Norwell was inserted into the starting lineup in Week 7. Following Week 10, Pro Football Focus rated Norwell as the ninth best guard in the NFL, ahead of two other high-profile rookie guards, Zack Martin and Joel Bitonio. His insertion into the starting lineup at left guard helped stabilize the offensive line, and over his last six games at left guard, Pro Football Focus rated Norwell as the fourth-best left guard in the NFL. His emergence into the starting lineup helped the Panthers rank seventh in the NFL in rushing, including a league-leading 975 yards over the last five games. He also helped the Panthers to back-to-back division titles for the first time since the formation of the NFC South division. Norwell was also among the least penalized players at the position and through the entire season, did not allow a single sack and only one quarterback hit.

Through the first three games of the 2015 season, Norwell allowed only two quarterback pressures and one sack. Norwell was part of the Panthers team that played in Super Bowl 50. On March 7, 2017, the Panthers placed a second-round tender on Norwell, who was set to be a restricted free agent. On April 17, 2017, Norwell officially signed his tender with the Panthers.

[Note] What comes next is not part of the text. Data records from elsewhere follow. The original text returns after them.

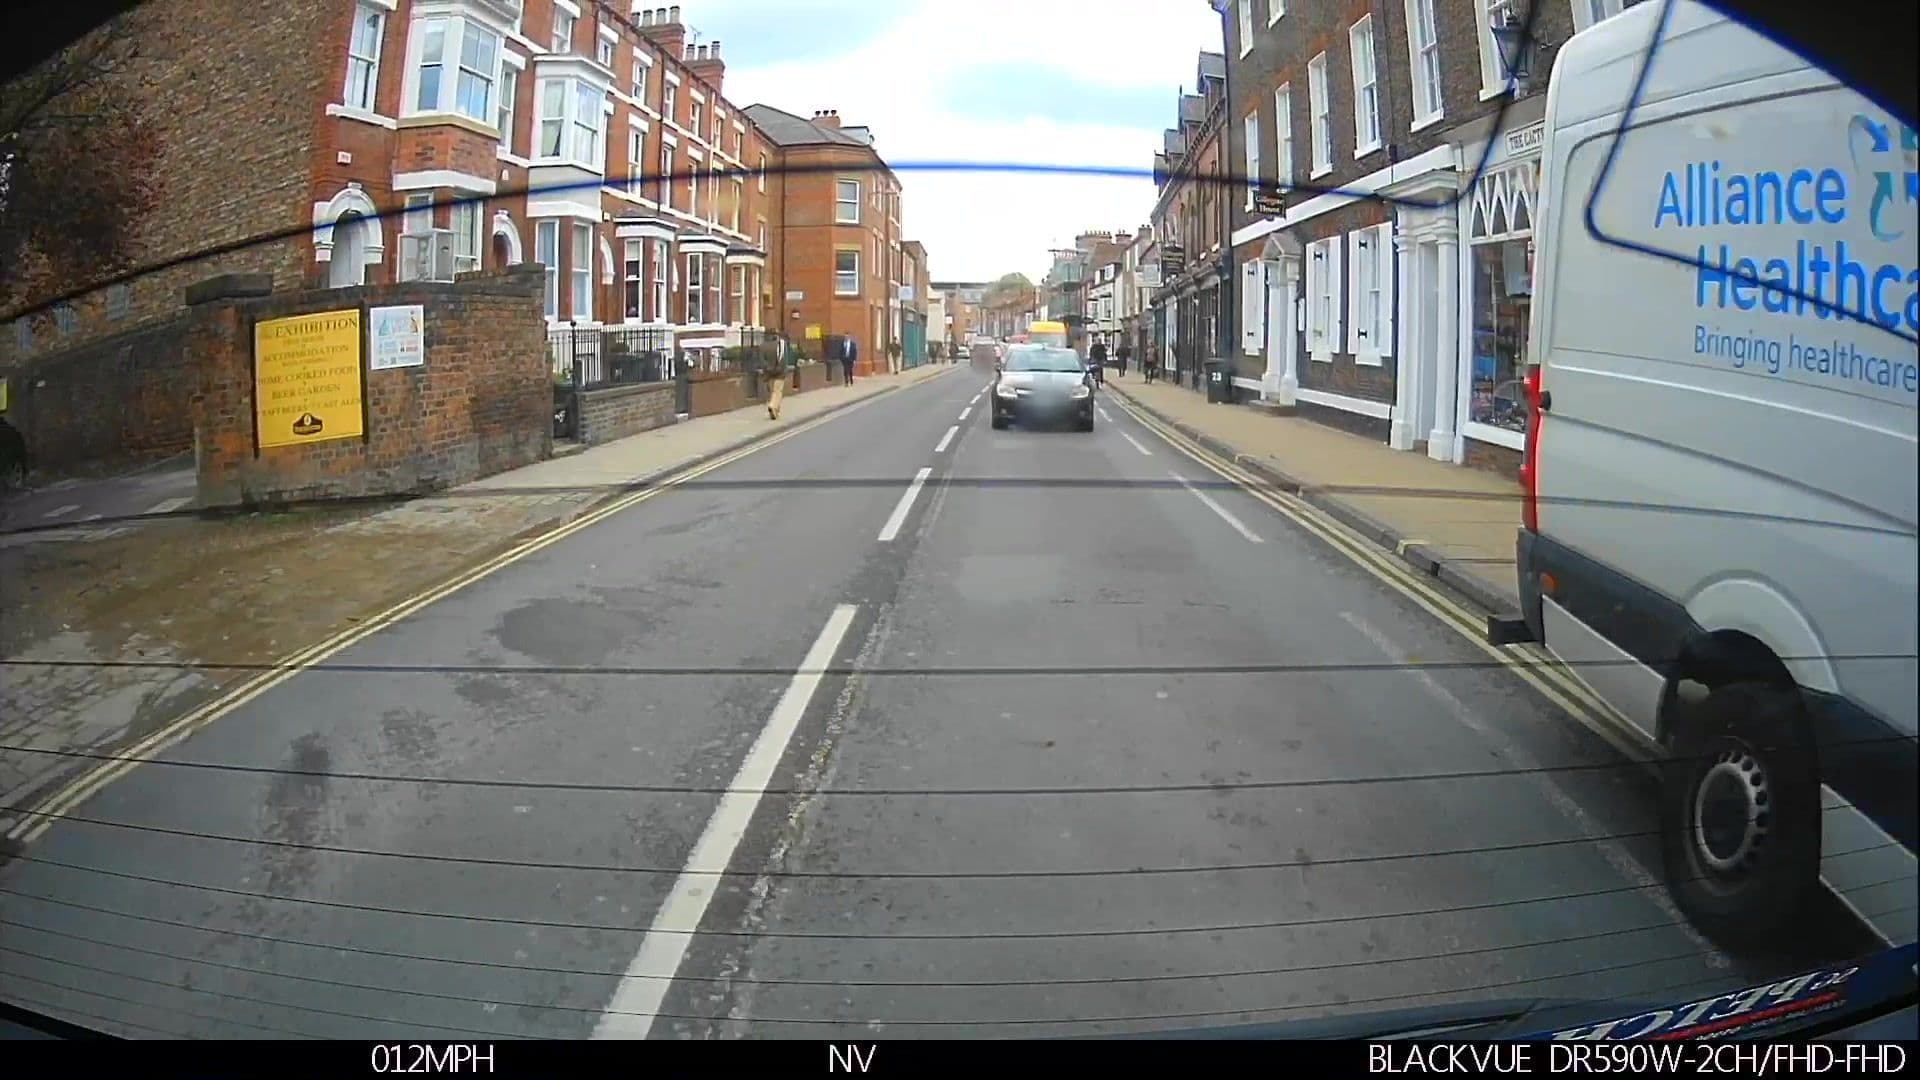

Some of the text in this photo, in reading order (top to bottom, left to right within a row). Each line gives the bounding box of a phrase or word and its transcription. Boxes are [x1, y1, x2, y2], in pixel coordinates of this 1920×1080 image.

[1655, 160, 1847, 229] Alliance
[274, 317, 358, 336] EXHIBITION
[263, 344, 349, 362] ACCOMMODATION
[1693, 324, 1917, 393] Bringing healthcare
[285, 369, 327, 381] COOKED
[271, 383, 342, 400] BEER GARDEN
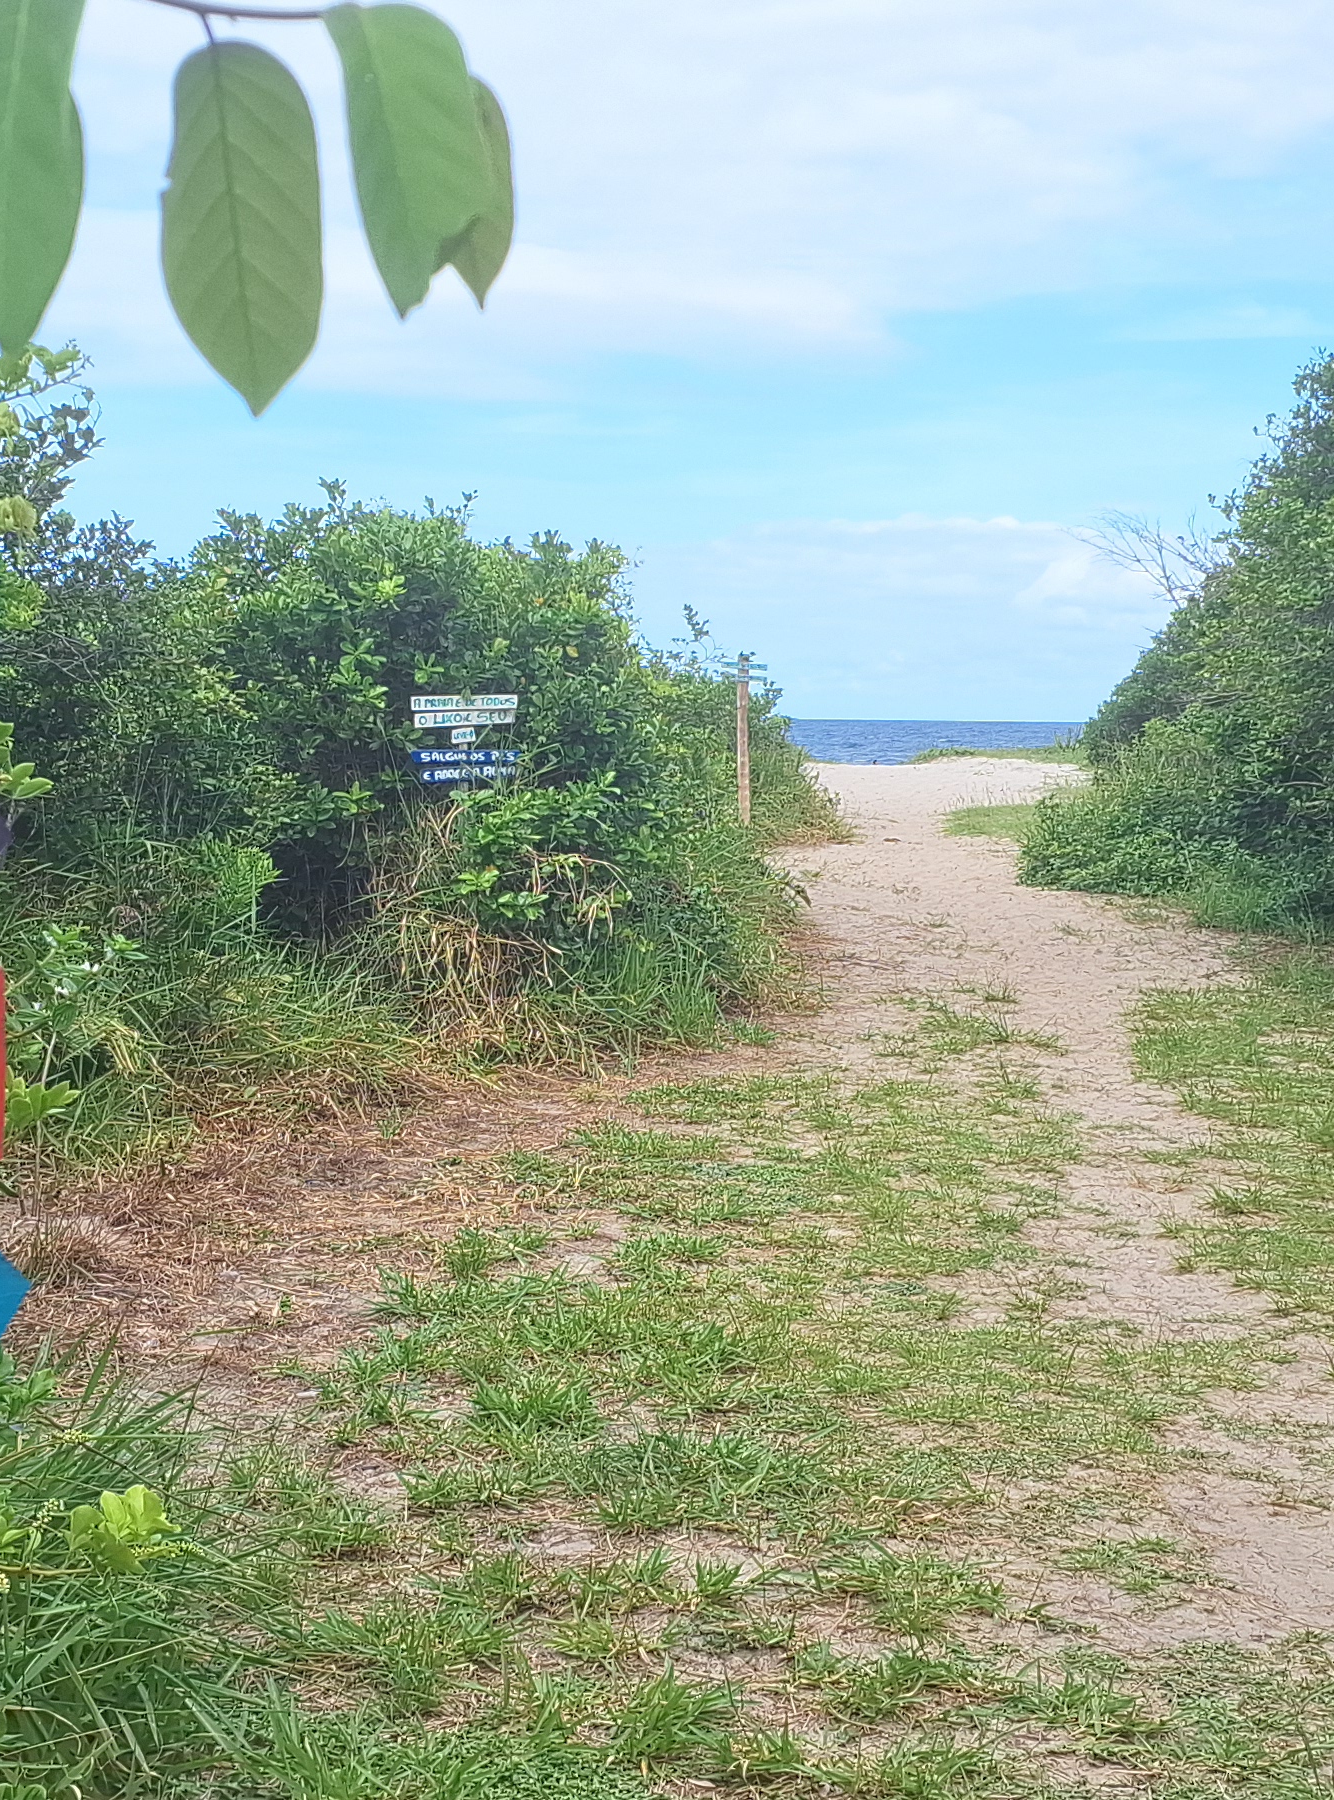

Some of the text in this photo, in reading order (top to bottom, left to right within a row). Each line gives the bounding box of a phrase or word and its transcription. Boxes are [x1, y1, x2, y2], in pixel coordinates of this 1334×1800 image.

[413, 698, 421, 708] A
[480, 696, 516, 707] TODOS
[419, 716, 427, 725] O
[477, 711, 507, 723] SEU
[469, 752, 485, 761] OS
[489, 750, 515, 761] PS
[423, 771, 432, 780] E
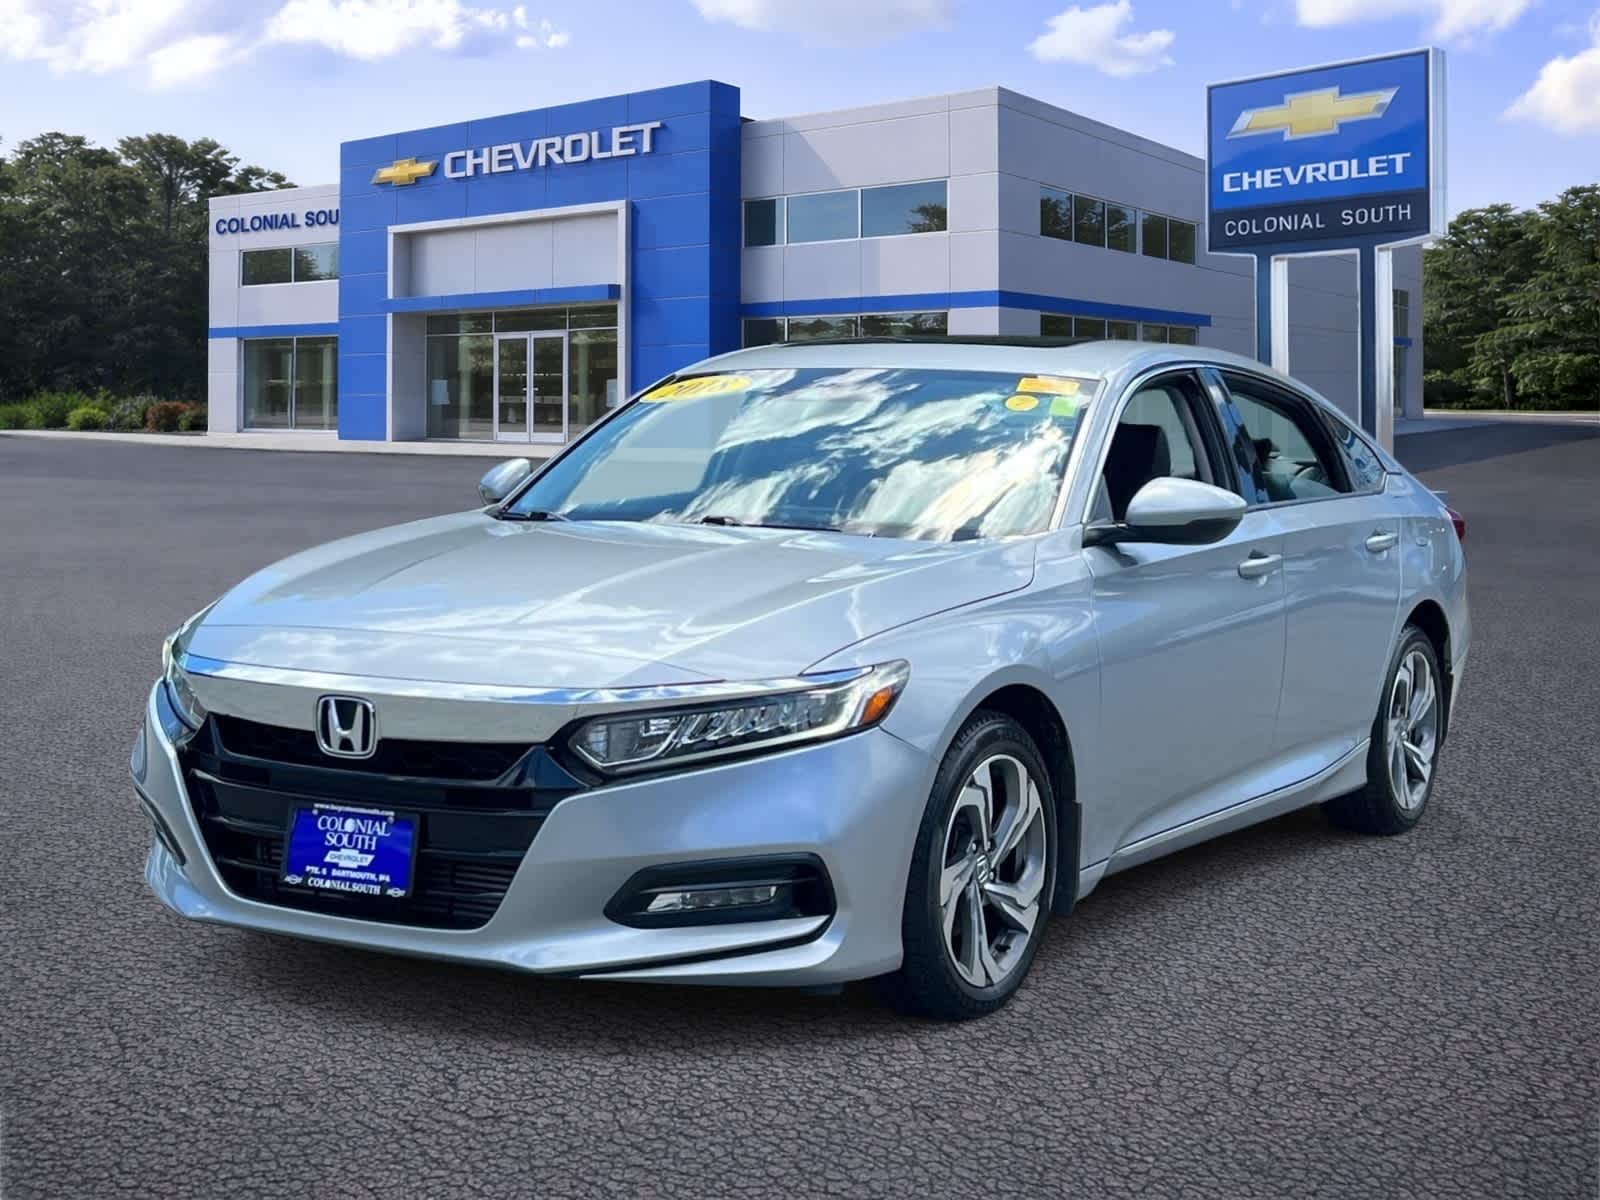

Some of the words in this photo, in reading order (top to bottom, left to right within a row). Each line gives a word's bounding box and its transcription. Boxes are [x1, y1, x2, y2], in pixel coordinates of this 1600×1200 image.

[444, 120, 662, 178] CHEVROLET
[1222, 152, 1411, 193] CHEVROLET
[215, 213, 301, 235] COLONIAL
[305, 208, 340, 227] SOU
[1224, 212, 1325, 237] COLONIAL
[1341, 203, 1412, 226] SOUTH
[317, 815, 391, 837] COLONIAL
[324, 832, 377, 850] SOUTH
[329, 853, 369, 863] CHEVROLET

Norwell started all 16 games at left guard, on his way to being named first-team All-Pro. He was also ranked as the third best guard in the league according to Pro Football Focus.

Jacksonville Jaguars

On March 15, 2018, Norwell signed a five-year, $66.5 million contract with the Jacksonville Jaguars with $30 million guaranteed, which at the time made him the highest-paid guard in the league. He started the first 11 games at left guard before suffering an ankle injury in Week 12. He was placed on injured reserve on November 26, 2018.

On November 28, 2020, Norwell was placed on injured reserve after suffering a forearm injury in Week 11. On December 19, 2020, Norwell was activated off of injured reserve.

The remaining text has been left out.